El tío Marcos Loureiro
emigró porque no podía sobrellevar el peso de las contribuciones ni sostener
con su labor agrícola a la mujer y a los tres rapacinos. En Montevideo, con
harta fatiga, fue atesorando un modestísimo peculio suficiente para vivir con
cierto desahogo, a lo villano, en su querido rincón: lo bastante para que no le
faltase -como ellos dicen- pan y puerco todo el año.
Con patriarcal sencillez,
Marcos se daba ya por contento; mas principió a recibir de su aldea cartas de
cierto compadre Antón, muy razonadas, disuadiéndole de volver tan pronto y
animándole a traer algo más que «una pobreza».
Aseguraba también el
compadre Antón que la familia de Marcos ya no pasaba necesidad alguna, porque
el amo, el señor conde de Castro, les había rebajado en más de la mitad el
arriendo del lugar que llevaban, y la comadre Sabel, con su trabajo, ganaba lo
suficiente para que ni ella ni los chiquillos careciesen de abrigo y caldo «de
pote».
Es de advertir que el
compadre Antón hablaba oficialmente, porque a la comadre Sabel le estorbaba lo
negro, y por medio de Antón se comunicaba con el ausente esposo. Pareció el
consejo muy discreto, y Marcos siguió reuniendo patacones; pero transcurridos
cinco años, y dueño ya de un capitalejo tan humilde en América como
considerable en la aldea de Castro, comenzó a escamarle el empeño de tenerle a
distancia que mostraba el tío Antón. No era Marcos ningún bolonio, y la
suspicacia natural del labriego se despertó y dio en atar cabos y devanar
cavilaciones.
Resolvió, pues, volver
secretamente a su hogar, y así como lo resolvió lo hizo, desembarcando en
Marineda de Cantabria y tomando al punto el coche de línea que le llevó, no sin
peligro de sus huesos, a Compostela. Allí se echó a la calle con propósito de
ajustar un jamelgo para andar las cuatro leguas que faltaban hasta Castro.Iba
Marcos regodeándose con su plan que consideraba excelente. Si en su casa todo
marchaba en orden, ¡magnífica sorpresa la de verle llegar tan bien portado y
hasta con su cadena de oro de tres vueltas! Y si había allá «choyo»...,
¡magnífica sorpresa también!
Saboreando sus propósitos,
al revolver de una esquina tropezó con un aldeano, que, al verle, pegó
involuntario respingo y trató de escabullirse, ocultándose en un portal; mas no
le valió la treta, porque Marcos echó a correr detrás del fugitivo, le agarró por
la faja de lana de colores y obligó al compadre Antón -pues él era- a volverse
y reconocerle. Cogido ya el labriego, hizo a mal tiempo buena cara y saludó a
Marcos mostrando cordialidad. Al enterarse de que Marcos proyectaba salir para
Castro inmediatamente, tuvo Antón nuevos conatos de fuga, igualmente
frustrados, porque el marido de Sabel, con suma firmeza, declaró a su compadre
que no se descosería de su lado por un imperio.
«Te veo, viejo encubridor
-pensaba Marcos. Quieres adelantarte para avisar y que yo encuentre todo
aquello amañadito. No me chupo el dedo. Así duermas hoy aquí, contigo duermo
yo. No te valen las triquiñuelas. A Castro hemos de llegar más juntos que la
oblea y el papel.»
Apenas se convenció el tío
Antón de que el compadre no le soltaba, como era menos terco que ladino,
resignóse, ajustó el caballo para Marcos, arreó su propia cabalgadura, y tres
horas antes de ponerse el sol salieron carretera adelante.

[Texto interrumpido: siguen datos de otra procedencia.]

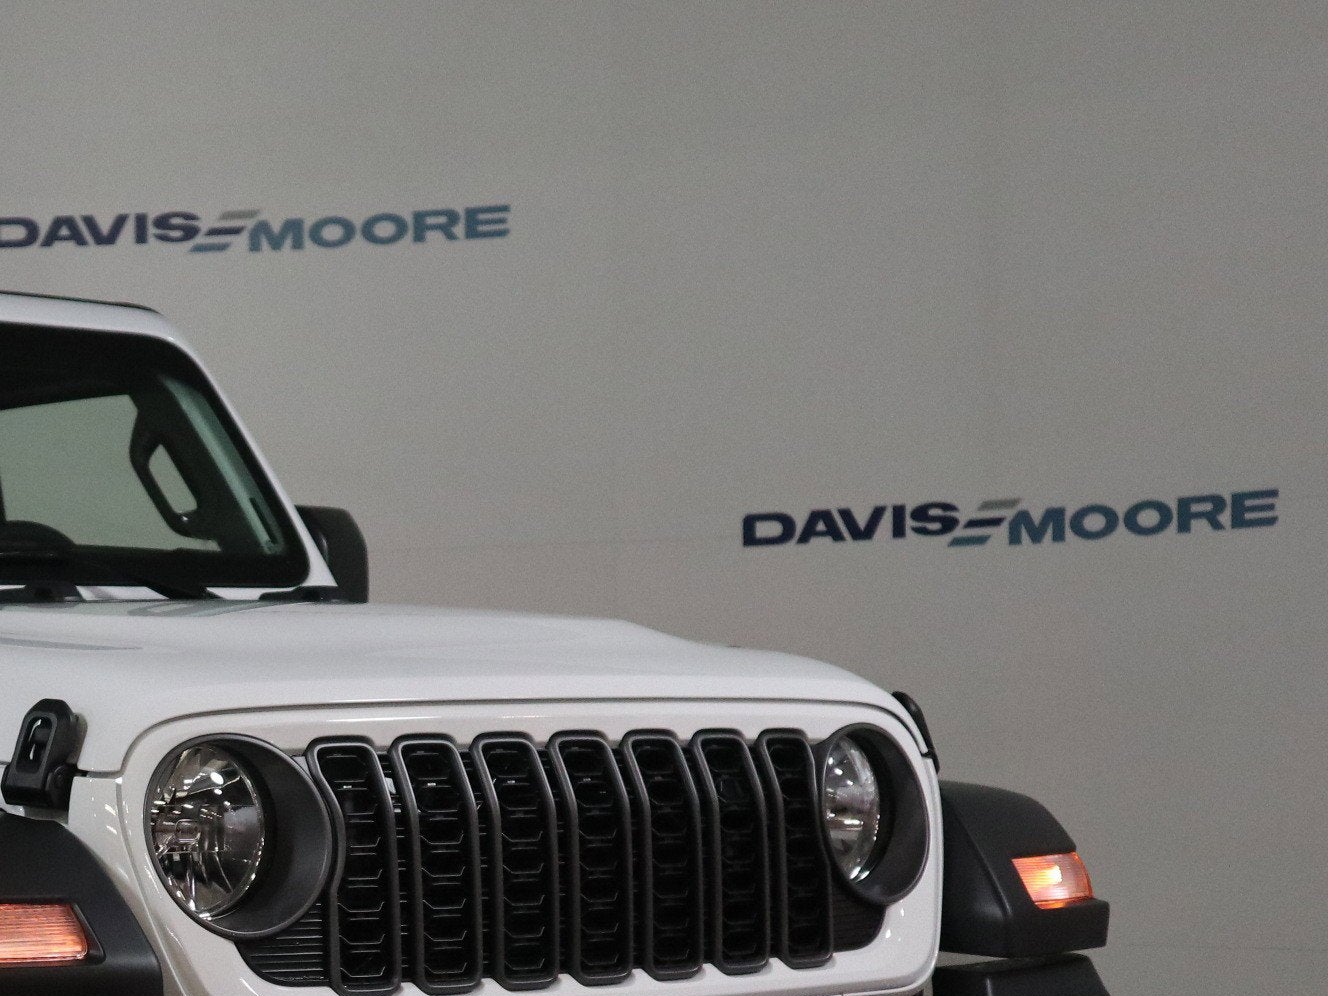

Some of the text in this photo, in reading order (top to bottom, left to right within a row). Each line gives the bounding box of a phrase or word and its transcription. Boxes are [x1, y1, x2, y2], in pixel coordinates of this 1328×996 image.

[248, 204, 512, 253] MOORE
[741, 489, 1281, 548] DAVIS MOORE

Ya se comprende que Marcos
ni soñaba en que el compadre, con aquel pescuezo que parecía corteza de tocino
rancio y aquella cara de polichinela entrado en edad, pudiese ser el ladrón de
su honra; además, Marcos sabía que el tío Antón estaba más pobre que las
arañas, más viejo que el pecado, y que como no se aficionase de una ternera o
de un saco de maíz, lo que es de otra cosa...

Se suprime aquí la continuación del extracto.